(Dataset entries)
.....

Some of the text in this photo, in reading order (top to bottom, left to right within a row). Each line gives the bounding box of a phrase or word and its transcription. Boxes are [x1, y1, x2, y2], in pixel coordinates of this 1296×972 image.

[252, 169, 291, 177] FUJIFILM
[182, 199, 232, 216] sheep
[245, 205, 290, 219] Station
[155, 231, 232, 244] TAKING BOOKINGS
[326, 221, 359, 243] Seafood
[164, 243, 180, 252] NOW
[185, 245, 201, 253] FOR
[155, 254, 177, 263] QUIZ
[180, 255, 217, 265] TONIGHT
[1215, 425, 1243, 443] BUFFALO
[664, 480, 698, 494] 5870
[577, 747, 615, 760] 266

.....

▶ **Exercise instructions**: Repeat all of the entries above exactly.

▶ **Your solution**:
Some of the text in this photo, in reading order (top to bottom, left to right within a row). Each line gives the bounding box of a phrase or word and its transcription. Boxes are [x1, y1, x2, y2], in pixel coordinates of this 1296×972 image.

[252, 169, 291, 177] FUJIFILM
[182, 199, 232, 216] sheep
[245, 205, 290, 219] Station
[155, 231, 232, 244] TAKING BOOKINGS
[326, 221, 359, 243] Seafood
[164, 243, 180, 252] NOW
[185, 245, 201, 253] FOR
[155, 254, 177, 263] QUIZ
[180, 255, 217, 265] TONIGHT
[1215, 425, 1243, 443] BUFFALO
[664, 480, 698, 494] 5870
[577, 747, 615, 760] 266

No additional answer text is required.